Fehlende Feststellungen zu etwaiger Wiederaufnahme im Herkunftsland sind nachzuholen

Voraussetzung für eine Unzulässigkeit nach dieser Regelung sei, dass der in Betracht gezogene Staat vom Herkunftsland des Betroffenen verschieden sei, die Bereitschaft bestehe, den Ausländer wieder aufzunehmen und dass er diesem eine den Anforderungen des § 27 AsylG in Verbindung mit Art. 35 Richtlinie 2013/32/EU entsprechende Sicherheit gewährleiste. Da bislang keine Feststellungen dazu getroffen worden seien, ob diese Voraussetzungen hinsichtlich der Türkei im Fall des Klägers erfüllt seien, müsse dies vom Berufungsgericht noch geklärt werden.

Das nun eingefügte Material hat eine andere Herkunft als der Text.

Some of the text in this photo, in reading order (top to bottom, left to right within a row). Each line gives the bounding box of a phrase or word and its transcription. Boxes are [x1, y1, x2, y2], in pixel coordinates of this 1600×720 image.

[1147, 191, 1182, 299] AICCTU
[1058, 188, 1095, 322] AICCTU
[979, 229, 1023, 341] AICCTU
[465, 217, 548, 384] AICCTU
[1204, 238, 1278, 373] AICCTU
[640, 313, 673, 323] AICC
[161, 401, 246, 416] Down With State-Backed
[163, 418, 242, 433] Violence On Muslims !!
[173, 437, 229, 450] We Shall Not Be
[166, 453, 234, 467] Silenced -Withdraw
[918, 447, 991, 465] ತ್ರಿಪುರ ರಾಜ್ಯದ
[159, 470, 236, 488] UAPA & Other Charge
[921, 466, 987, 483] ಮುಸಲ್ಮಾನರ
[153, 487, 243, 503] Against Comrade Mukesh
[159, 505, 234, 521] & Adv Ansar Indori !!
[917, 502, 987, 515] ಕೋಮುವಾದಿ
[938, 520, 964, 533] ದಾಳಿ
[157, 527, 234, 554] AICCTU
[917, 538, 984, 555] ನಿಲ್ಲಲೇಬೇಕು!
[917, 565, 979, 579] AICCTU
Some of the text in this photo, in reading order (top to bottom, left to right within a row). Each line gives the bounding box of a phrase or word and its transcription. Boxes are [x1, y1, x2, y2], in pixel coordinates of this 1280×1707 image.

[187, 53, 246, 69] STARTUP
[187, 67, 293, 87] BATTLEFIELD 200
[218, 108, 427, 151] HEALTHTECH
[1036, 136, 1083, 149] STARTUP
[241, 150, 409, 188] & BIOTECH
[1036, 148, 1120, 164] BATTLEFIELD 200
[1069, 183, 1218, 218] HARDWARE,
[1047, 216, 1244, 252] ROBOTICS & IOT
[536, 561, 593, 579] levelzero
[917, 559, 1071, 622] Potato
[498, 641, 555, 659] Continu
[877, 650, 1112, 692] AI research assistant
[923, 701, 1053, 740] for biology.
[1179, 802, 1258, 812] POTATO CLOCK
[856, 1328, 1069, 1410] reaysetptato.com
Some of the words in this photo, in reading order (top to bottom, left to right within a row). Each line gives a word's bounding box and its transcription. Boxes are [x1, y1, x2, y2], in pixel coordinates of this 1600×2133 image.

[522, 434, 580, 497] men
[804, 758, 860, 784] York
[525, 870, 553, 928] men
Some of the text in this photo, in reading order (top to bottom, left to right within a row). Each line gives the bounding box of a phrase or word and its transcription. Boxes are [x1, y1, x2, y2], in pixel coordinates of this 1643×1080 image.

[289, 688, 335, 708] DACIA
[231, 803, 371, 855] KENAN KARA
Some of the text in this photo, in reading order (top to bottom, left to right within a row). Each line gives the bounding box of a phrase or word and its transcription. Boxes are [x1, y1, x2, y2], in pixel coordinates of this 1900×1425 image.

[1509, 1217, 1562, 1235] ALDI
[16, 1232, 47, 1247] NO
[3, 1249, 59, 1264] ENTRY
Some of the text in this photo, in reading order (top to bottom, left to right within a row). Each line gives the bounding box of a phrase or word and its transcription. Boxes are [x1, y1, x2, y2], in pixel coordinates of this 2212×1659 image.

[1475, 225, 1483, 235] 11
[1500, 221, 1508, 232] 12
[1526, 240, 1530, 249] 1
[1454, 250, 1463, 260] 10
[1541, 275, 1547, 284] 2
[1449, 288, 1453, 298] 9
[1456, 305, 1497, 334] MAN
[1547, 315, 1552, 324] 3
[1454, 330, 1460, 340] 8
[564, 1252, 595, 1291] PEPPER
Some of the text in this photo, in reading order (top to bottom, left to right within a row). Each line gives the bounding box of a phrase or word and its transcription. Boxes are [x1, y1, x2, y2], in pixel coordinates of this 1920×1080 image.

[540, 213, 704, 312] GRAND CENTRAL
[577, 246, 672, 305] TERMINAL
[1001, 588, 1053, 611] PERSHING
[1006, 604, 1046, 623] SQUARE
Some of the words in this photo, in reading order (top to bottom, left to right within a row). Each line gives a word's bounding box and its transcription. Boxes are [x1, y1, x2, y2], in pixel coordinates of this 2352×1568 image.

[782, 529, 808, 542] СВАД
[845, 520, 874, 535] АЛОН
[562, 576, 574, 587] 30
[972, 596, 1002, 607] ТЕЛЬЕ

Kein UNRWA-Schutz bei gewöhnlichem Aufenthalt in einem Drittstaat

Bei einer etwa erforderlichen neuerlichen Sachentscheidung zum ipso-facto-Flüchtlingsschutz nach § 3 Abs. 3 AsylG  müsse beachtet werden, dass der aus einem Wegfall des Schutzes durch UNRWA resultierende ipso-facto-Flüchtlingsschutz zugunsten eines bei UNRWA registrierten staatenlosen Palästinensers, der einen Asylantrag in der EU gestellt hat, jedenfalls dann nicht mehr eingreife, wenn dieser zuvor einen gewöhnlichen Aufenthalt in einem Drittstaat außerhalb des Tätigkeitsbereichs der UNRWA begründet hätte. Von einem Wegfall des Schutzes durch UNRWA sei ungeachtet einer fortdauernden Tätigkeit dieser Organisation auch dann auszugehen, wenn es dem Betroffenen – etwa bürgerkriegsbedingt – nicht möglich sei, sich in Sicherheit und unter menschenwürdigen Lebensbedingungen in dem maßgeblichen UNRWA-Gebiet aufzuhalten.

BVerwG, Urteil vom 25.04.2019 - 1 C 28.18

Redaktion beck-aktuell, 25. April 2019.